Dastardly, the boys' Newfoundland - which they had assured him was a dog, but looked suspiciously like the result of some mad union between a grim and a bear - gazed up at them adoringly from the ground below, his furry maw wide, tongue lolling in a pant, muzzle flecked with strings of drool. He was easily the size of Draco and the boys put together, and the blond had taken an instant dislike of him. Which, of course, meant that the beast greatly desired to be attached to his hip. At all times. He'd taken to the tree in desperation, and the dog was waiting patiently for him to climb down.

"No rough play in the tree," Draco finally admonished, surprising himself with how adult he sounded.

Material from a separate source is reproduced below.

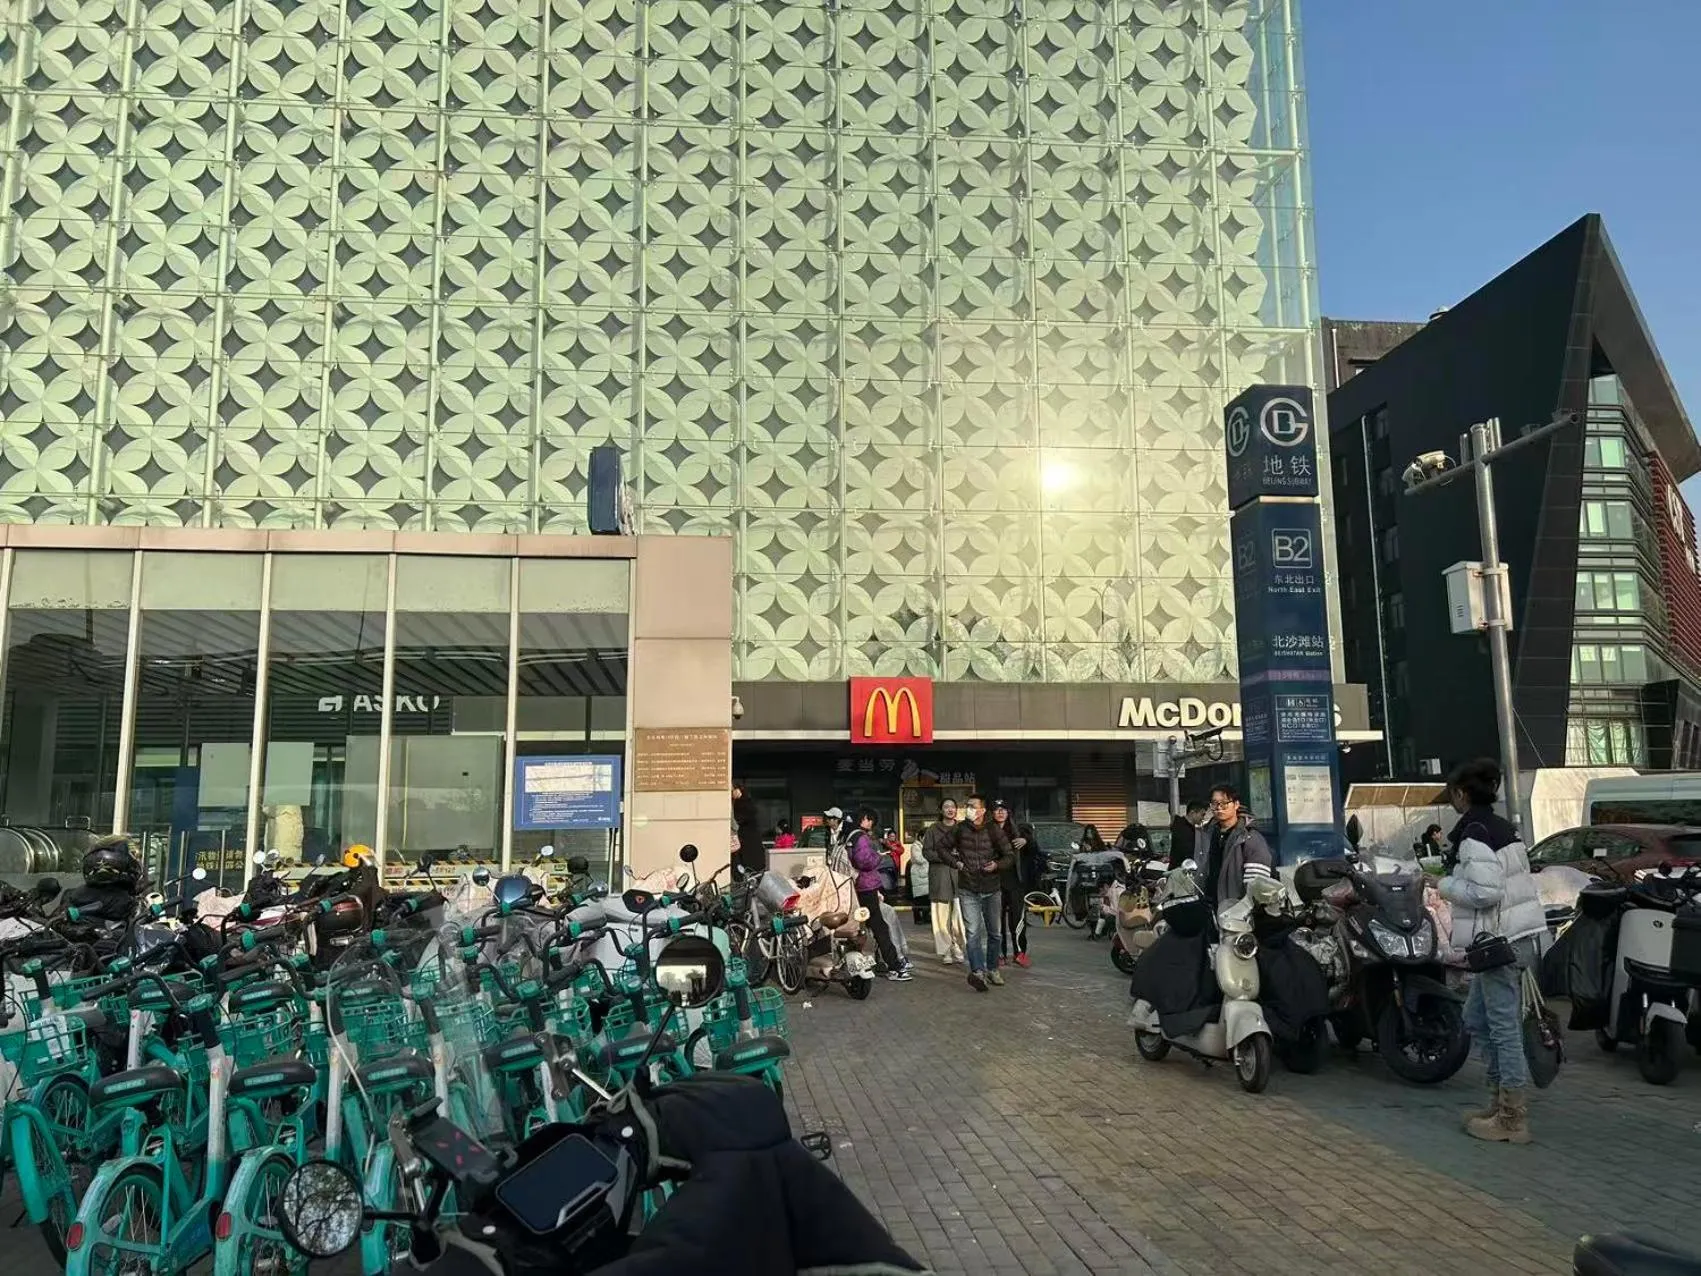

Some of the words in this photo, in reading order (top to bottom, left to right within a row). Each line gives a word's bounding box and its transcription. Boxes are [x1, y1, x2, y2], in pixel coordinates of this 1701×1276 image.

Apparently, though, the twins didn't quite agree with that assessment, as they completely ignored his warning. Jem's fingers dug into his brother's side, causing Beans to erupt into harsh giggles. In retaliation, Beans grabbed one of Jem's legs, yanking upward, and Draco watched in horror as they teetered on the limb, their bodies locked together.

One hand automatically going for his wand, the other reaching out to the boys, Draco managed to fist the back of Beans' t-shirt. But the worn material gave way under his fast grip, and the twins' startled cries filled the air as they toppled off the branch. It all happened far too quickly for the blond to even palm his wand, but he didn't think that excuse would appease Ron when faced with his injured sons.

Dropping out of the tree, Draco briefly pondered fleeing, but reasoned that death by an irate Ron's hands would be marginally better than death by Lucius'. Probably.


Author notes: A note on Gabrielle Delacour-Weasley: I'm putting her as five years younger than Ron. I'm not exactly sure what ages Ron and Draco are, but late twenties to early thirties should do it. It's not really relevent to the story, except in relation to Gabby, since the boys are six.

A note on Blaise's Animagus form: A mongoose is a small, agile weasel-like carnivore that is an expert at killing snakes. I thought it funnily fitting for some reason.